是一枚银镖破窗而入,不偏不倚地钉在了正厅的墙壁中央,钉进去前,还击碎了张元趋手边的茶盏。
张元趋是张家家主,遇了这种事,自是众人都提口气。但好在没伤到,回过头看看,那银镖上绑了一张纸条。
拔下银镖,纸条上只有几个字:腊月,取全家性命。
张元趋被吓得浑身一冷。这字条倒没什么,乍一看甚至更像恶作剧,但搭上背面那枚红印就不一样了。
张元趋后脊发寒,思来想去也不知……张家究竟何时招惹了江湖上的人,还无比精准地把这燕东侠惹上了。
腊月……似乎还很长,但也就几个月了。
自知没法子、也寻不到人去跟对方说理,能做的,好像就只有在腊月前除他了。
。
“他干了什么……”席兰薇在震惊中狠抽了一口冷气。
荷月长公主面无血色地告诉她,张家连夜调集了各地豢养的高手,大有要和谁输死一搏的架势。

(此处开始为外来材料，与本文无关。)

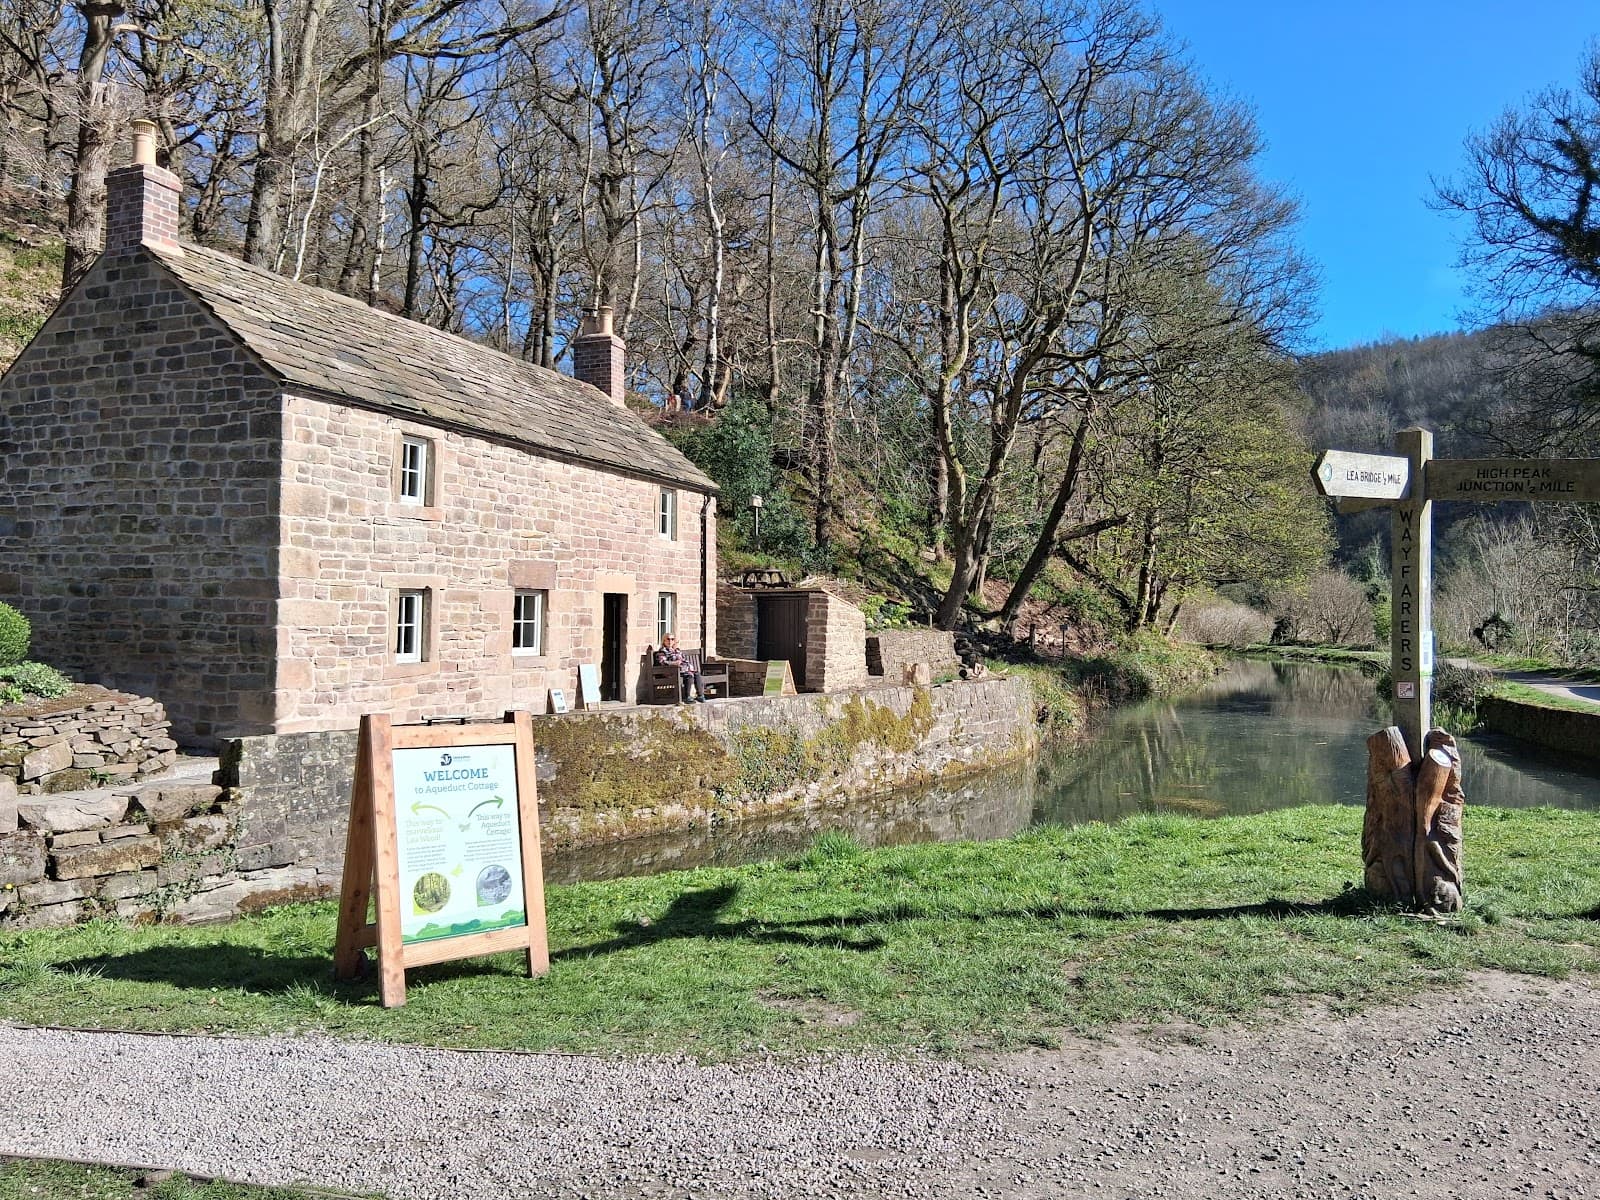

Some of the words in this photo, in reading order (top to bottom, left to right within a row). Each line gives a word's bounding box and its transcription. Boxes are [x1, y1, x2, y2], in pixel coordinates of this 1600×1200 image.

纵使一对一不是问题,但那么多人……经了上次的事,席兰薇是知道张家高手颇多的。
他打不过那么多人的……
“皇兄……皇兄好像没有救他的意思。”她咬着嘴唇,狠狠忍着眼中的泪意,“是我上次说错了话?可我……我也是听旁人说的……”
所以,自然不是因为她上次说错了话。
闹到这么大,都是张家一环环布开的局,每一个听说这些事的人,包括荷月长公主,都不过是张家有心要他们知道。
楚宣的举动可以斩断这个局,但是也的确自身难保。
“陛下会救他的。”席兰薇自言自语着,心绪难以宁静,“他会的。”
说不清为何如此相信这番直觉。好像就是在上次对楚宣戳破张家的算计之后,席兰薇愈发明确地意识到,即便楚宣的种种作为也值得感动,但那总揽大局的人始终都是霍祁。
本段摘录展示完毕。